**Exercise objective:** Reproduce the entries that follow exactly. No picture should appear in the result.

Collected data:
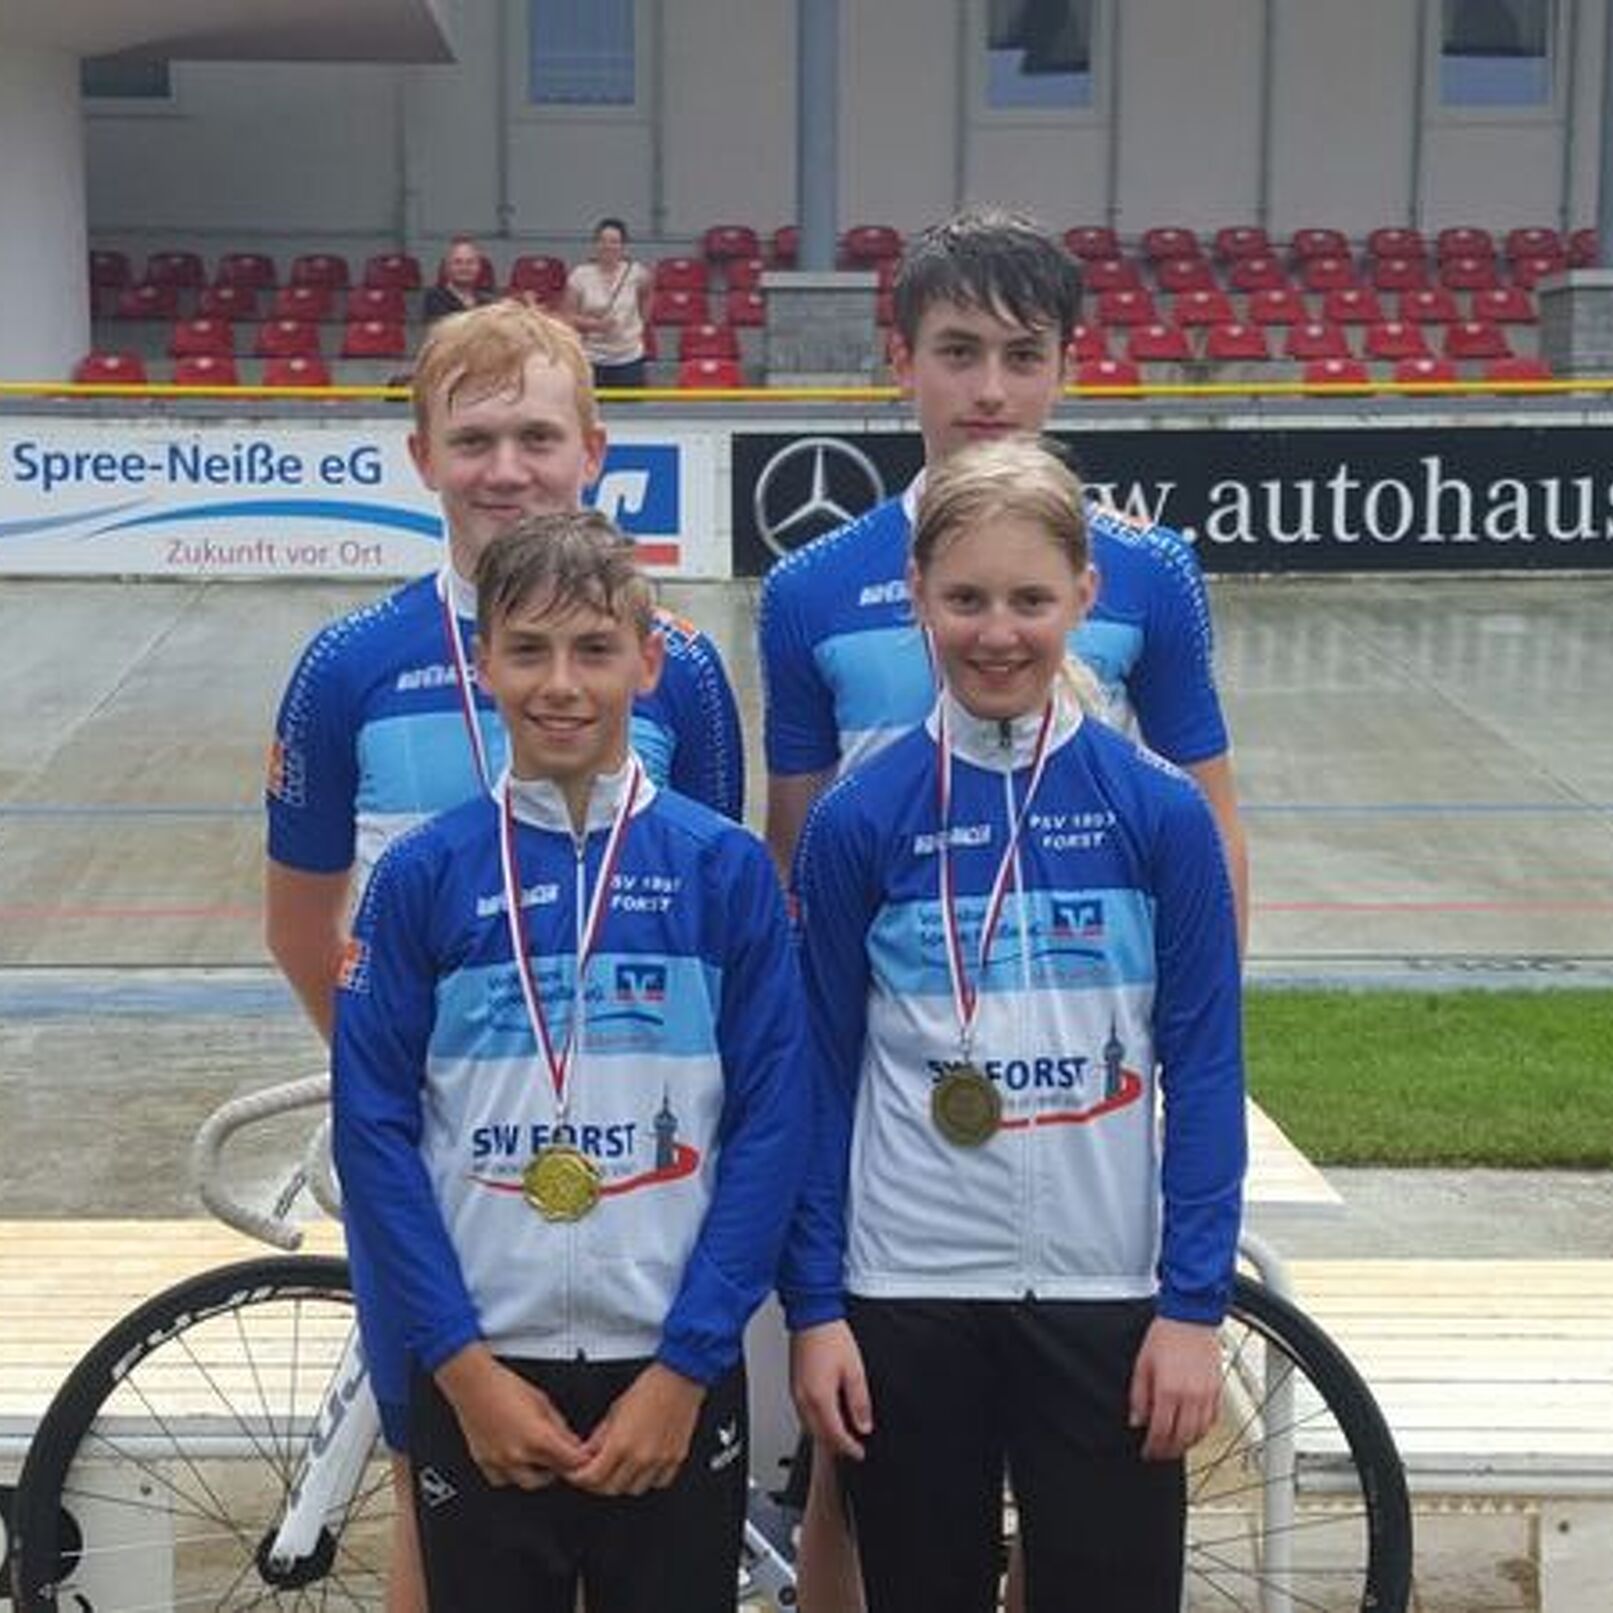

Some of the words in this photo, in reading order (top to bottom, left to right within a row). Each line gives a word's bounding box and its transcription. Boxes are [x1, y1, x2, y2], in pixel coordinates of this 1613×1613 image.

[13, 441, 302, 491] Spree-Neiße
[319, 445, 382, 485] eG
[1080, 455, 1613, 542] w.autohau
[166, 538, 275, 566] Zukunft
[286, 546, 329, 566] vor
[340, 540, 383, 566] Ort
[985, 1057, 1089, 1091] FORST
[472, 1124, 519, 1158] SW
[530, 1122, 637, 1158] FORST
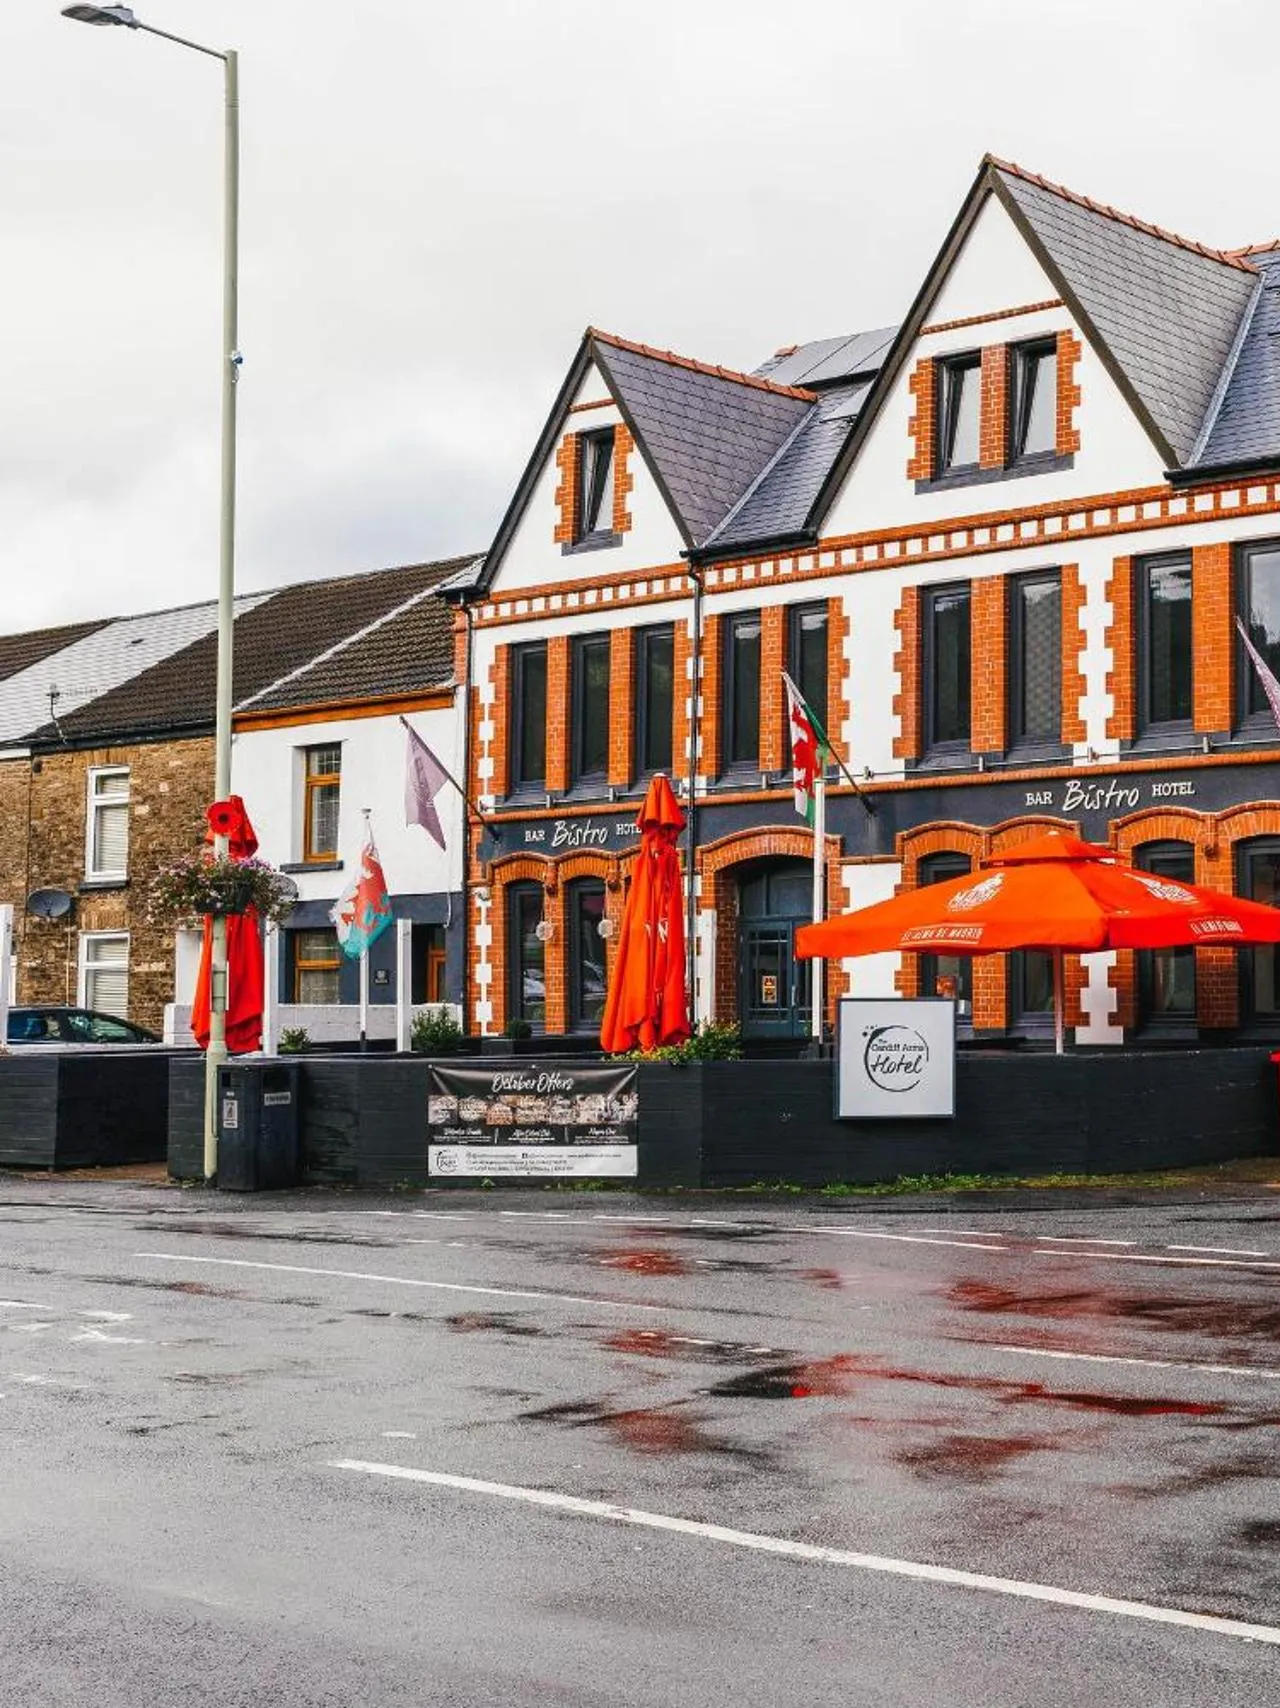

**Solution to the exercise:**
Some of the words in this photo, in reading order (top to bottom, left to right within a row). Each line gives a word's bounding box and its transcription. Boxes are [x1, y1, x2, y2], in pixel coordinates of this 1613×1613 image.

[13, 441, 302, 491] Spree-Neiße
[319, 445, 382, 485] eG
[1080, 455, 1613, 542] w.autohau
[166, 538, 275, 566] Zukunft
[286, 546, 329, 566] vor
[340, 540, 383, 566] Ort
[985, 1057, 1089, 1091] FORST
[472, 1124, 519, 1158] SW
[530, 1122, 637, 1158] FORST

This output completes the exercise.